April 2026 was Coconut Grove's strongest month of the year so far. Thirty closings, $112.1 million in total sales volume, two ultra-luxury closings above $10 million, and nine new construction sales. The Grove is heading into the late spring buying window with real momentum. Here is the full breakdown of what closed, where it traded, and what it means for buyers and sellers.
April by the Numbers
Coconut Grove logged 30 closings in April 2026, the highest monthly total of the year. That is up from 25 closings in March, 21 in February, and 20 in January. Total dollar volume reached $112.1 million, with an average sale price of $3.74 million and a median of $3.075 million. The average price per square foot landed at $1,043, with average days on market at 121.
Sales ranged from $1.1 million for a 3-bedroom home in West Grove to $12.6 million for an architect-designed estate by Jorge L. Hernandez at 3701 Park Avenue. Year-to-date through April, Coconut Grove has produced 96 closings.

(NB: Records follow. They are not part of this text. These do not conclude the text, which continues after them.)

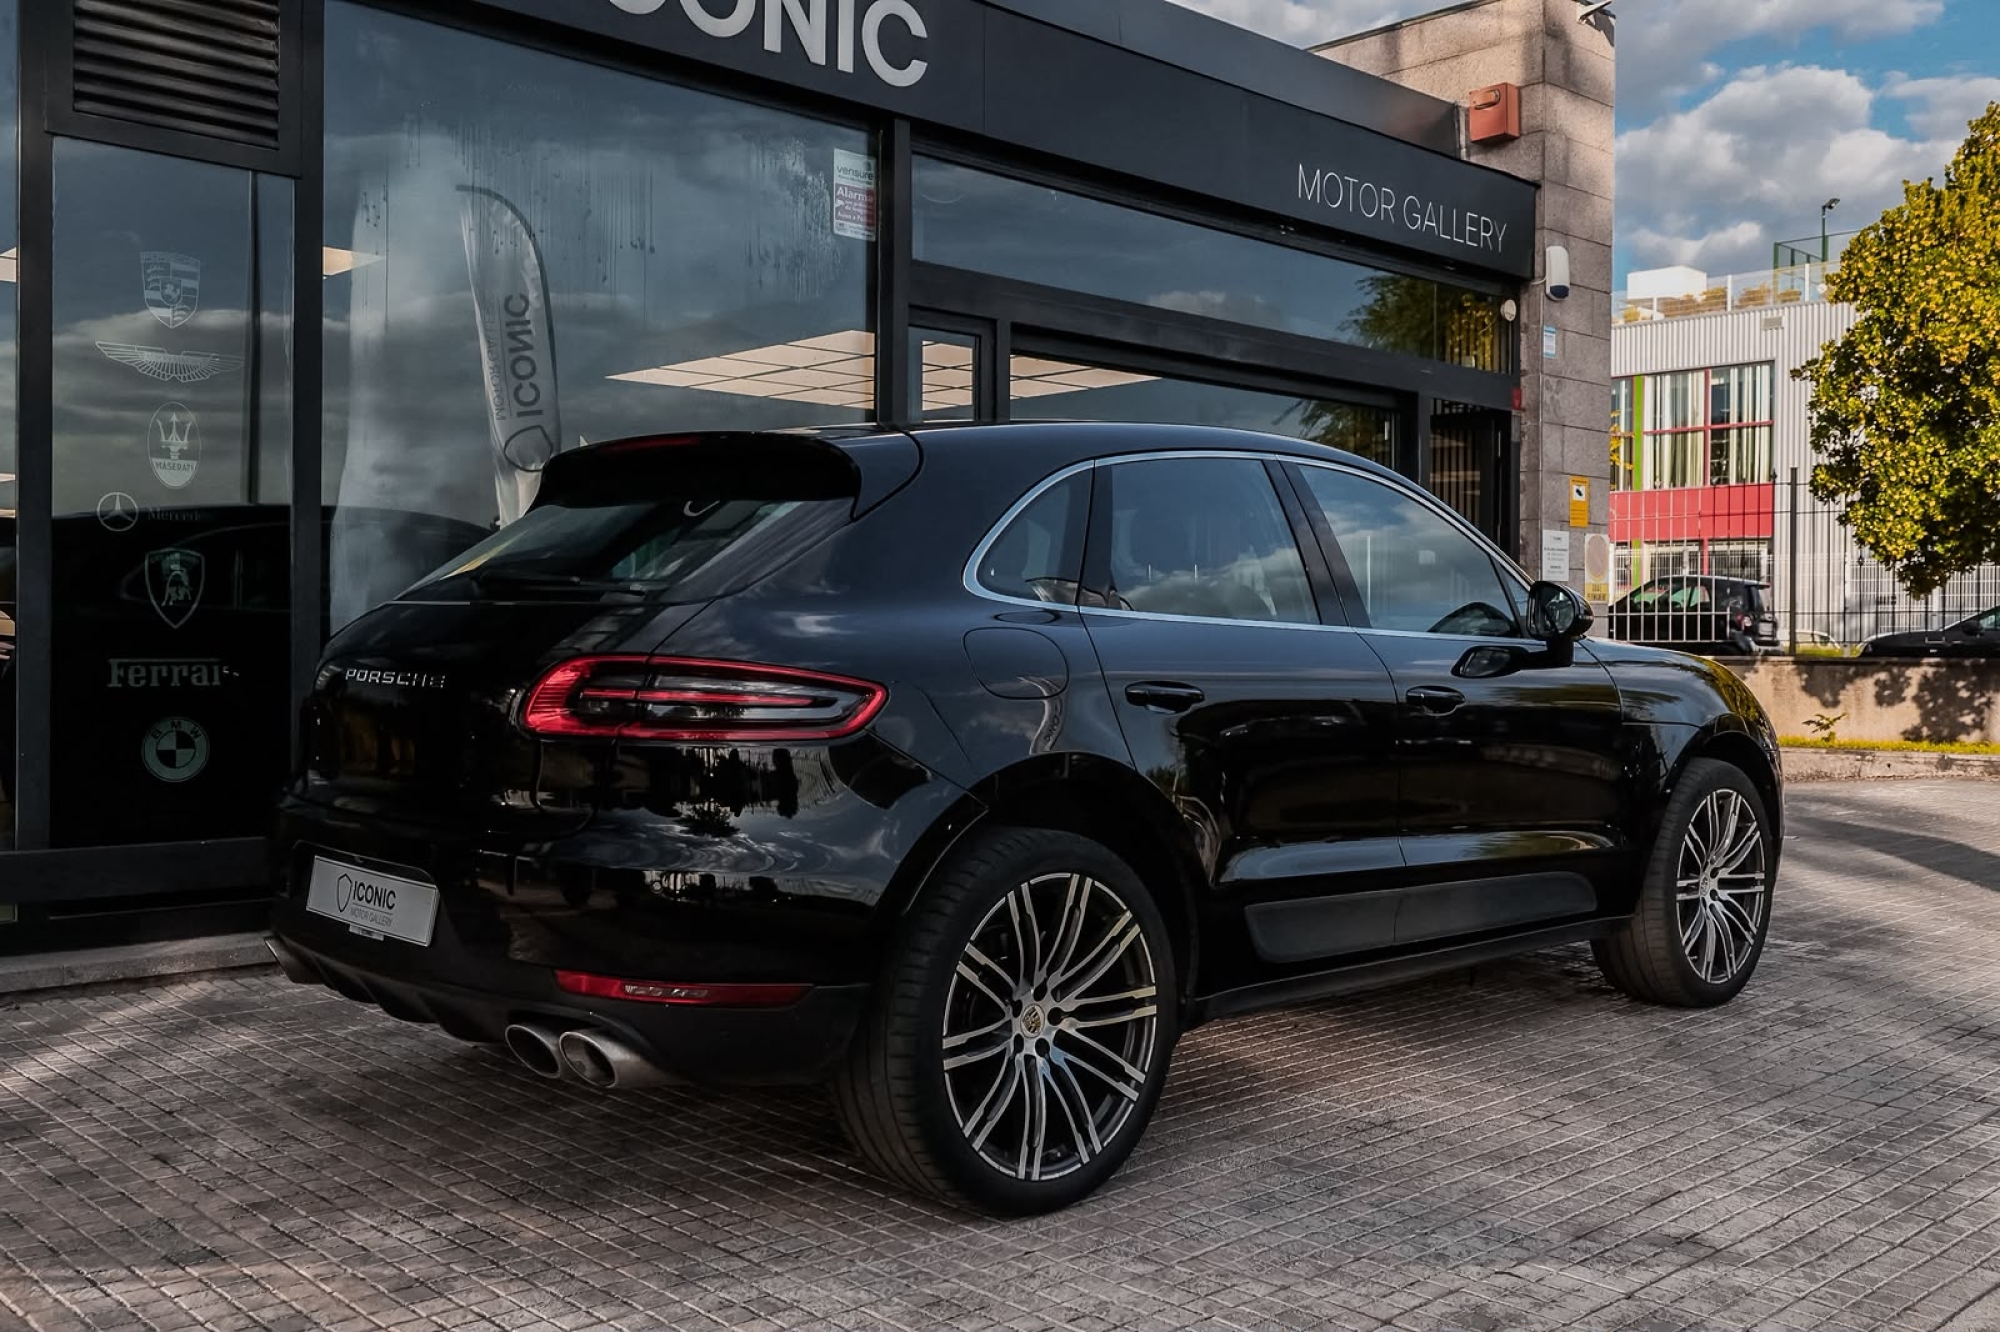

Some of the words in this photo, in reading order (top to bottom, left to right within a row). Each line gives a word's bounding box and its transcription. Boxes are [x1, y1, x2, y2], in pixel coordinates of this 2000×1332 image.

[1298, 163, 1396, 224] MOTOR
[1403, 195, 1507, 253] GALLERY
[155, 461, 195, 472] MASERATI
[147, 507, 209, 521] Merced
[107, 658, 222, 688] Ferra
[150, 719, 202, 741] BMW
[353, 881, 396, 910] ICONIC
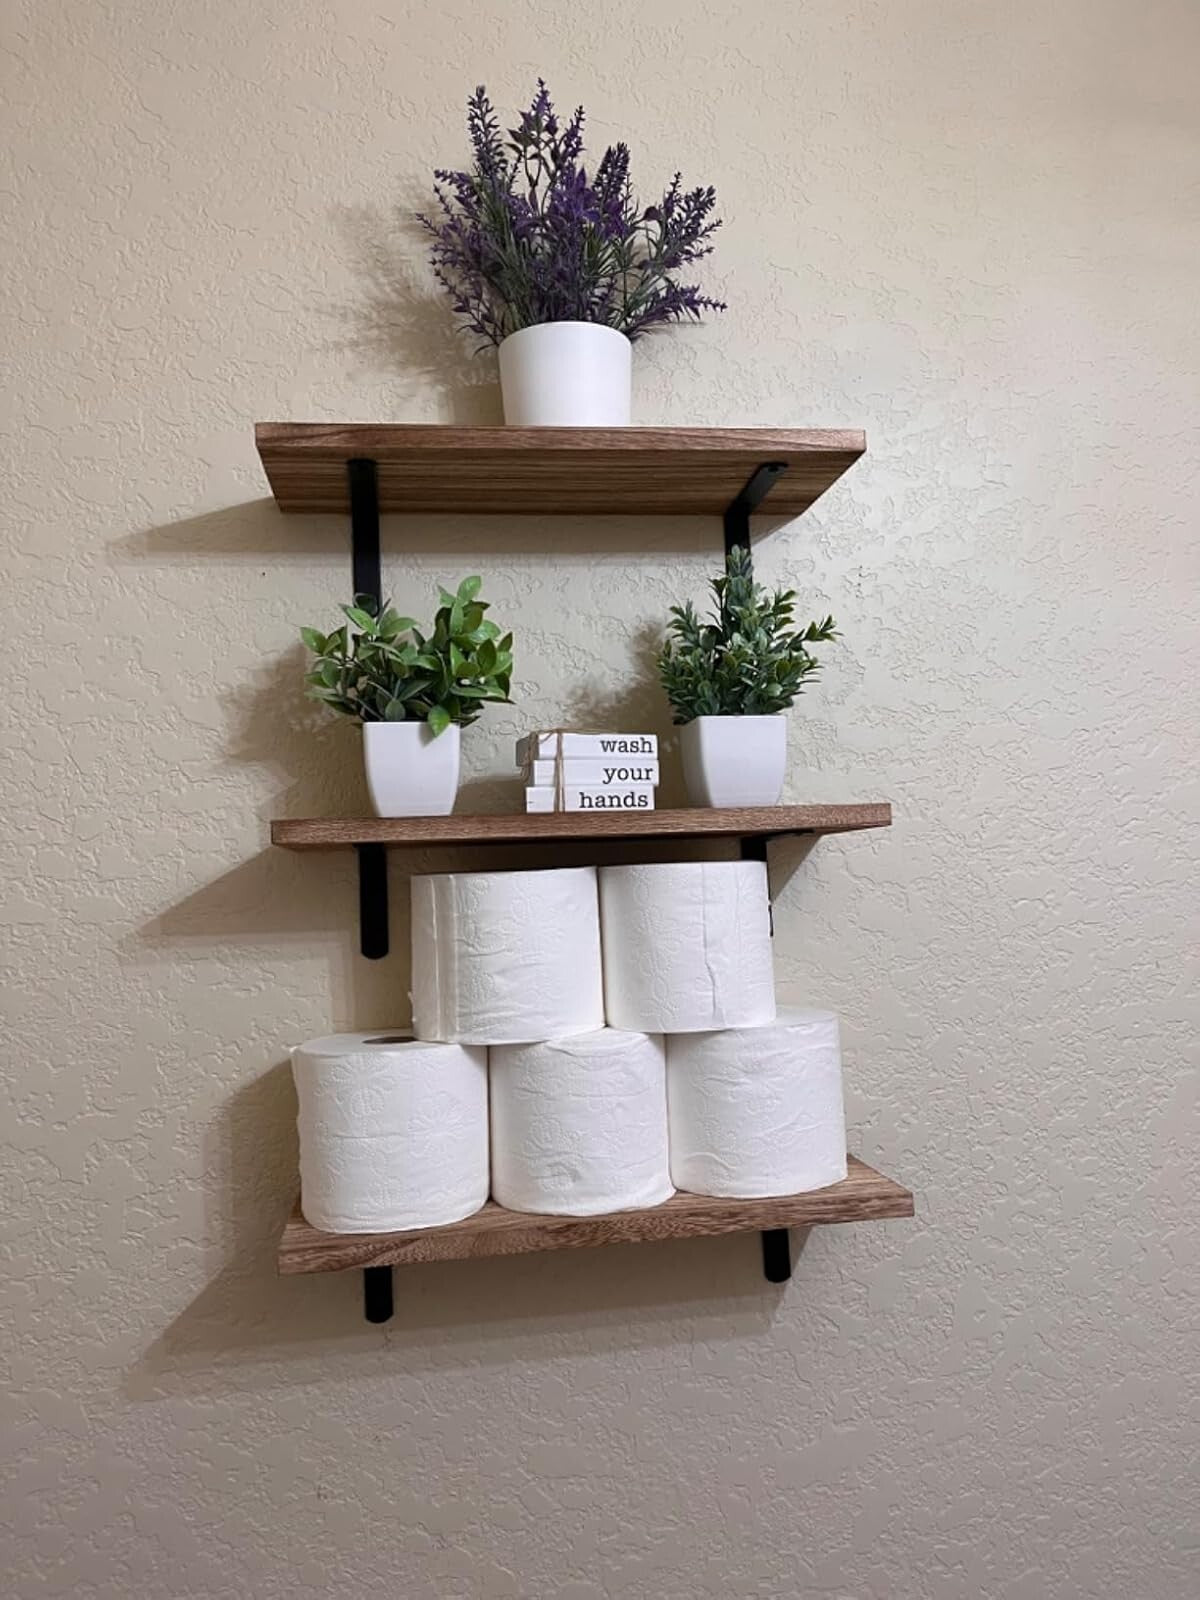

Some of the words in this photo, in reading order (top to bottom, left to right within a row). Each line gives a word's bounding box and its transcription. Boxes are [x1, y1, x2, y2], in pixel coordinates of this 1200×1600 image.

[600, 737, 653, 753] wash
[602, 767, 653, 785] your
[579, 791, 649, 809] hands

The Two Stories of Days on Market
April produced one of the cleanest illustrations of the Coconut Grove market thesis we have seen all year. The thesis is simple: price the home right and it sells fast, sometimes above ask. Price it wrong and you sit until the cure becomes a meaningful discount.
On the fast side, 2550 Trapp Avenue closed in 3 days at full asking price. 4125 Poinciana Avenue closed in 5 days. 1648 Nocatee Drive in North Grove closed in 7 days at $2.685 million on a $2.65 million list, the kind of over-asking outcome the village still produces when pricing meets demand. 3273 Matilda Street closed in 19 days for $1.5 million on a $1.45 million list, also above ask.
On the long side, six properties that had been sitting eventually cleared. 4090 Hardie Avenue at 659 days on market. 3551 East Glencoe Street at 486 days. 2850 Natoma Street at 297 days. 4110 Park Avenue at 256 days. 2000 South Bayshore Drive Unit 47 at 243 days. 4050 Hardie Avenue at 226 days. The average price reduction across these long-DOM closings was meaningful, often $150,000 to $450,000 below original list. Pricing rules the Coconut Grove market more than any other single factor.
Ultra-Luxury Activity Above $10 Million
Two ultra-luxury closings stood out in April. The first was 3701 Park Avenue, an architect-designed 6,707 square foot estate by Jorge L. Hernandez built in 2025 and sold for $12.6 million after 132 days on market. The second was 4280 Ingraham Highway, a 7,291 square foot tropical-modern estate by Simon Bissu and Luxom Developments built in 2026 and sold for $11.4 million after just 37 days on market.
Two $10 million-plus closings in a single month is a meaningful signal. The ultra-luxury segment continues to attract serious capital from relocating high-net-worth families and ultra-high-net-worth buyers building or rebuilding in the Grove.
New Construction Closings Accelerated
April produced nine new construction closings in Coconut Grove, up from five in February and three in March. This is the strongest month for new construction sales we have logged this year. Notable new builds included the Hernandez and Bissu estates above $11 million, plus 4081 Hardie Avenue at $5.79 million (2026 build), 4110 Park Avenue at $5.3 million (2025 build), 2330 Overbrook Street at $4.5 million (Luigi Vitalini, 2025 build), and the LEED Platinum townhouse at 3119 Plaza Street at $1.9 million. We covered the full pipeline in our recent Coconut Grove new construction pipeline guide.